Document any surgical interventions or conservative management strategies employed.

Coding Guidelines

Inclusion Criteria

Use G57.90 When
  • According to ICD
  • 10 coding guidelines, G57
  • 90 should be used when the specific nerve affected is not documented
  • Coders should ensure that all relevant clinical information is captured to support the diagnosis
  • It is important to follow the guidelines for specificity and to avoid unspecified codes when more specific codes are available

Exclusion Criteria

Do NOT use G57.90 When
No specific exclusions found.

Related ICD-10 Codes

Related CPT Codes

95903CPT Code

Nerve conduction study, each nerve; motor, sensory, or mixed

Clinical Scenario

Used to evaluate the function of the affected nerve in patients with symptoms of mononeuropathy.

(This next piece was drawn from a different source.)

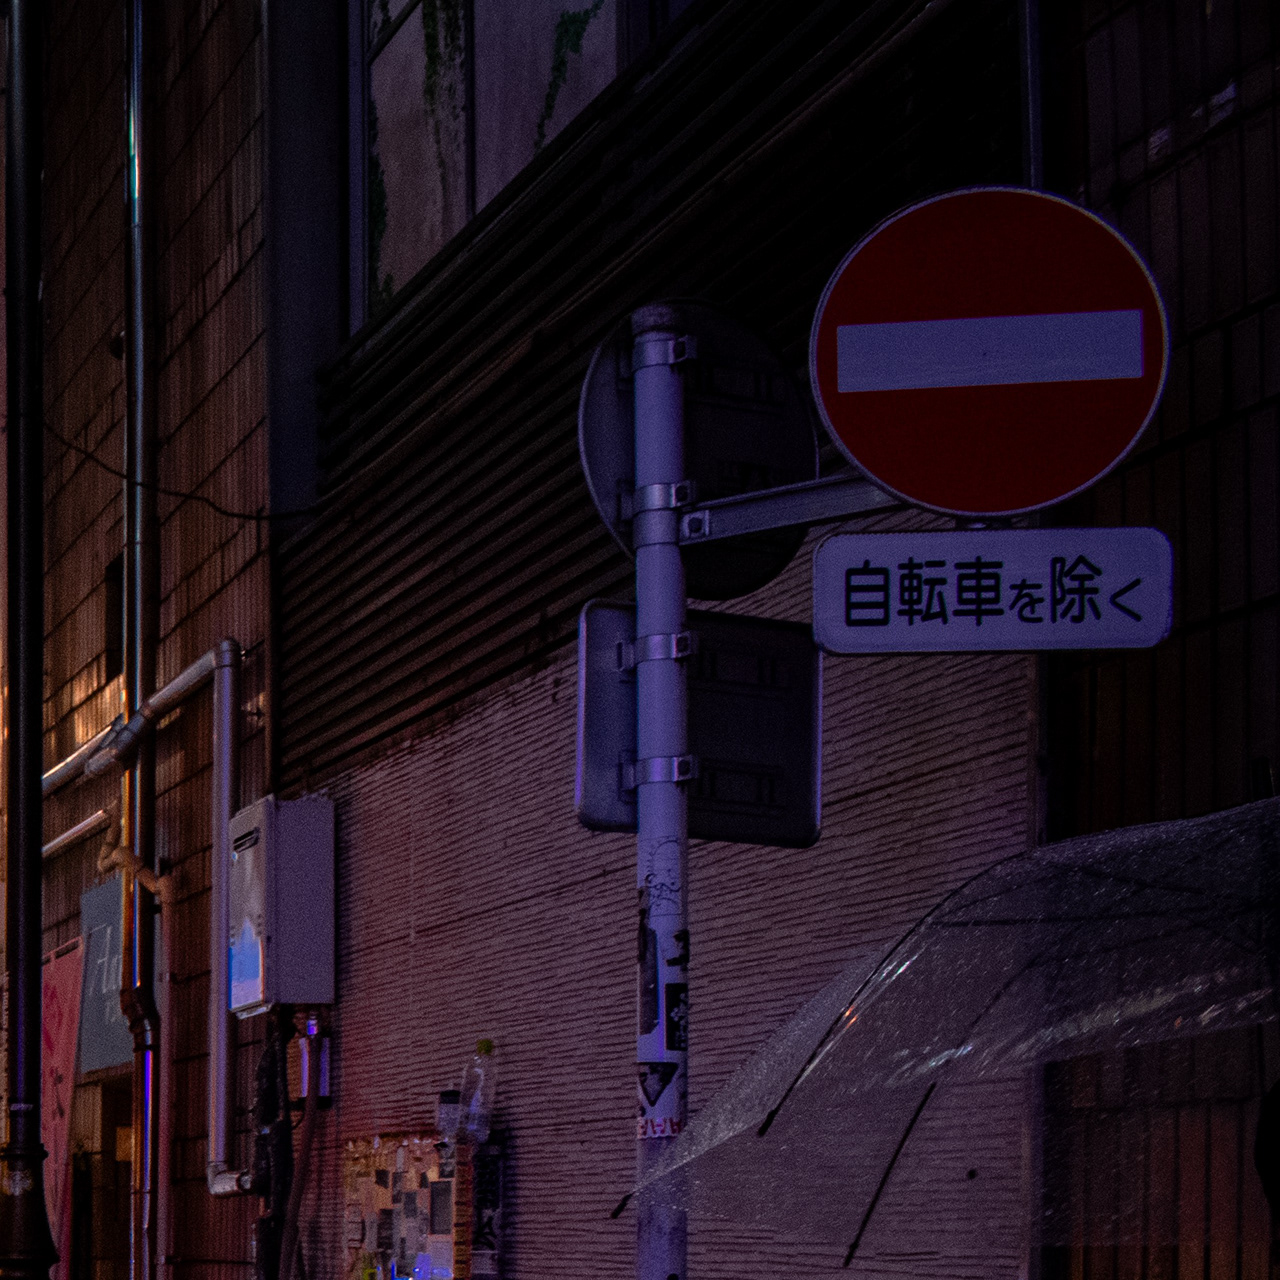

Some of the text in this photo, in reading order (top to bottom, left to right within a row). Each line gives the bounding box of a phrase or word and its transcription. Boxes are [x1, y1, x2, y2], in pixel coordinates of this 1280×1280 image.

[844, 554, 1143, 627] 自転車を除く
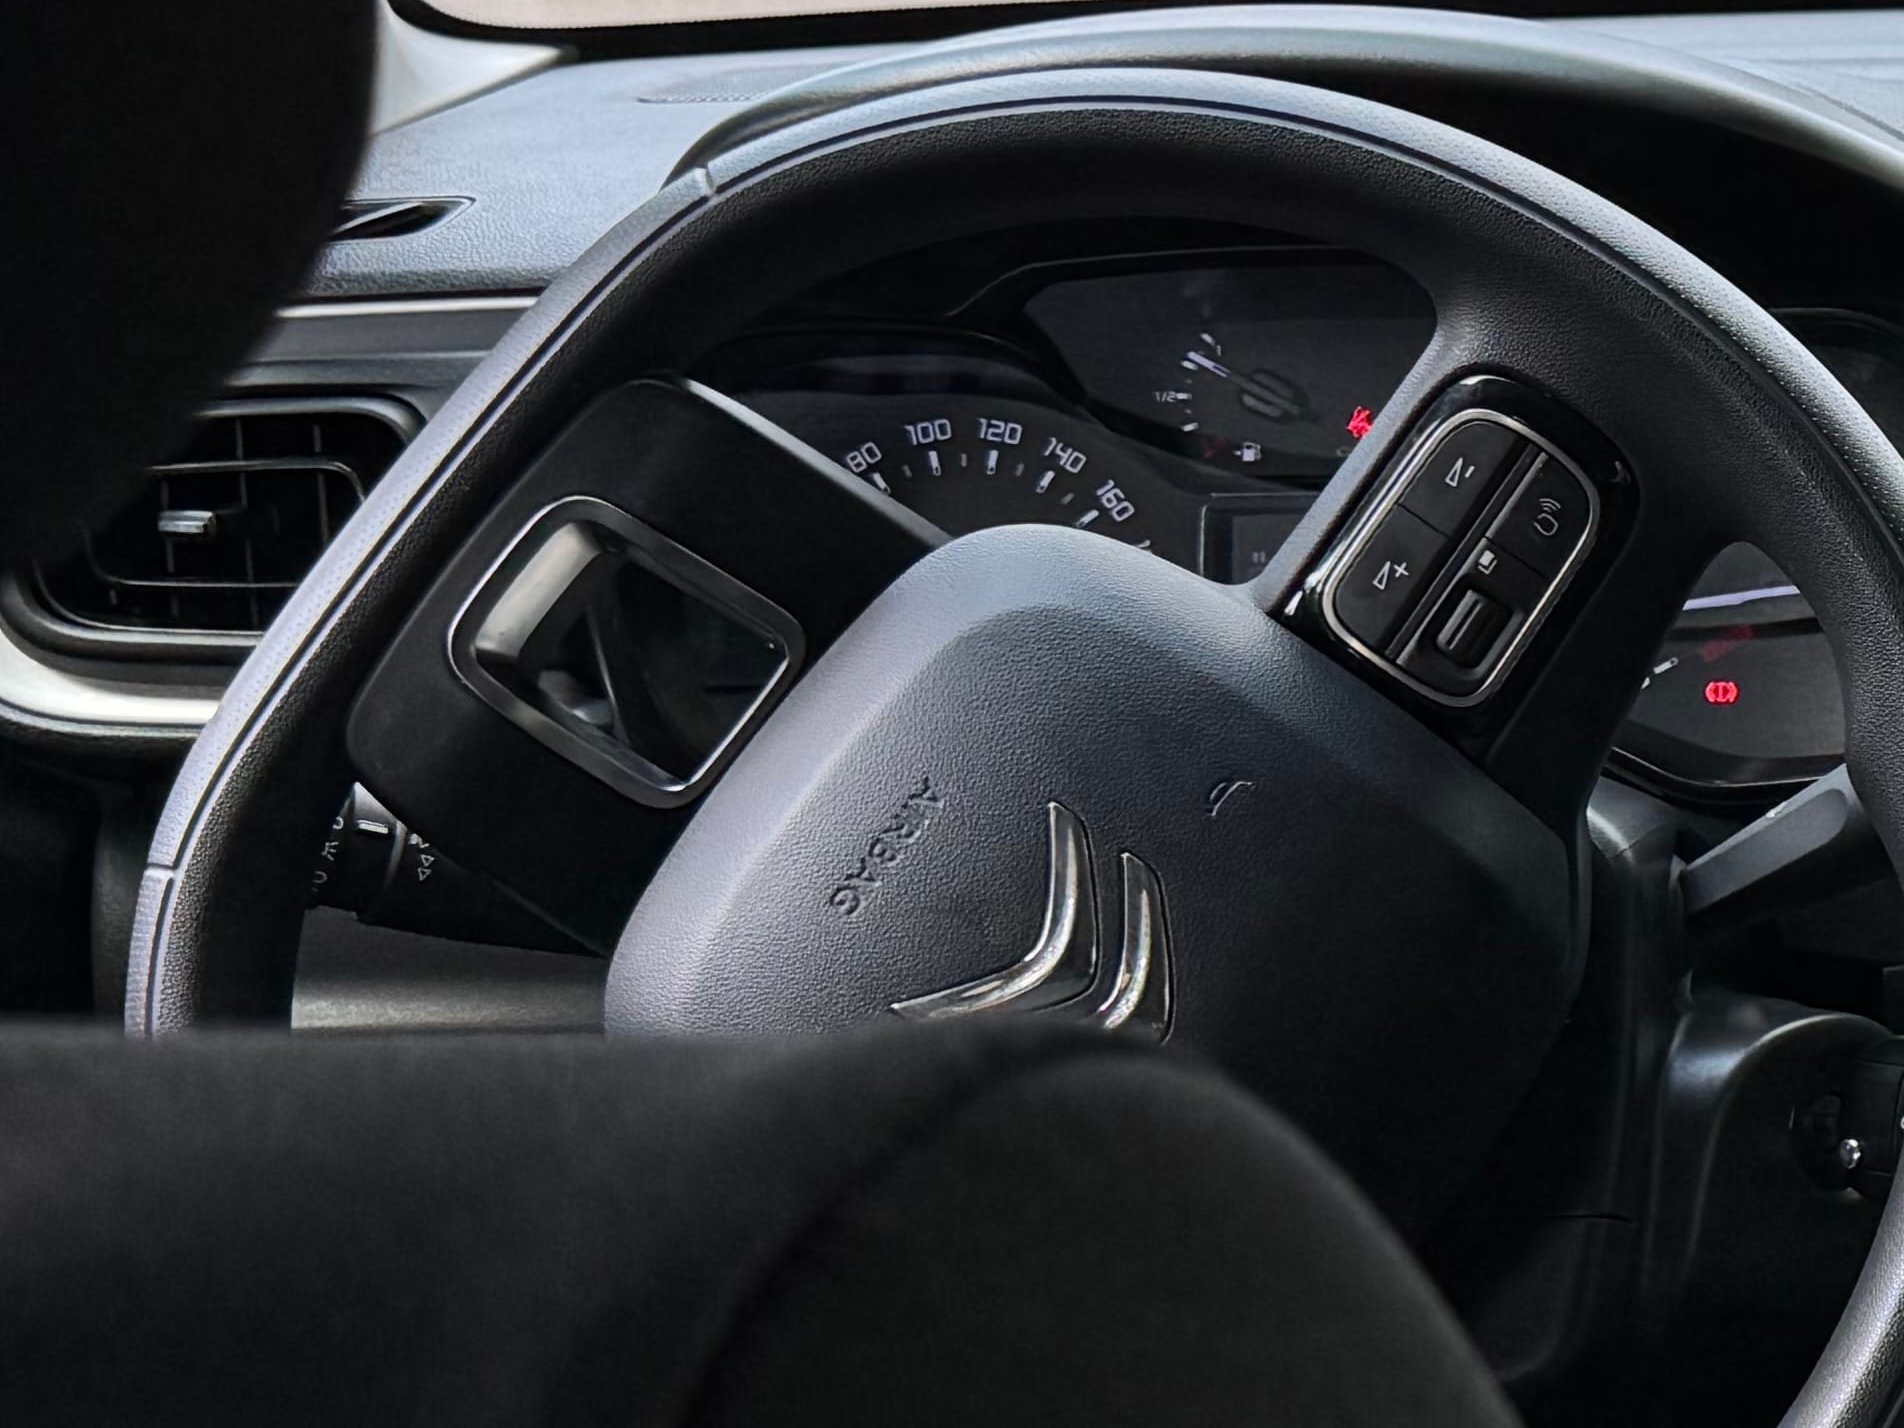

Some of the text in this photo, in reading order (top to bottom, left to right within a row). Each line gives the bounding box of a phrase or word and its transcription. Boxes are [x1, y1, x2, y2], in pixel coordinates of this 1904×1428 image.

Documentation Requirements

Document the specific nerves tested and the results of the study.

Specialty Considerations

Neurologists should ensure that the clinical rationale for the study is clearly documented.

ICD-10 Impact

Diagnostic & Documentation Impact

Enhanced Specificity

ICD-10 Improvements

The transition to ICD-10 has allowed for greater specificity in coding, but the use of unspecified codes like G57.90 can lead to challenges in reimbursement and quality reporting. Coders must ensure that they are using the most accurate codes available to reflect the patient's condition.

ICD-9 vs ICD-10

The transition to ICD-10 has allowed for greater specificity in coding, but the use of unspecified codes like G57.90 can lead to challenges in reimbursement and quality reporting. Coders must ensure that they are using the most accurate codes available to reflect the patient's condition.

Reimbursement & Billing Impact

reimbursement and quality reporting. Coders must ensure that they are using the most accurate codes available to reflect the patient's condition.

Resources

Clinical References

  • •
    ICD-10-CM Official Guidelines for Coding and Reporting

Coding & Billing References

  • •
    ICD-10-CM Official Guidelines for Coding and Reporting

Frequently Asked Questions

What should I document to support the use of G57.90?

To support the use of G57.90, document the patient's symptoms, clinical findings, any relevant history of trauma or systemic disease, and the results of nerve conduction studies if performed. Ensure that the documentation clearly reflects the complexity of the patient's condition.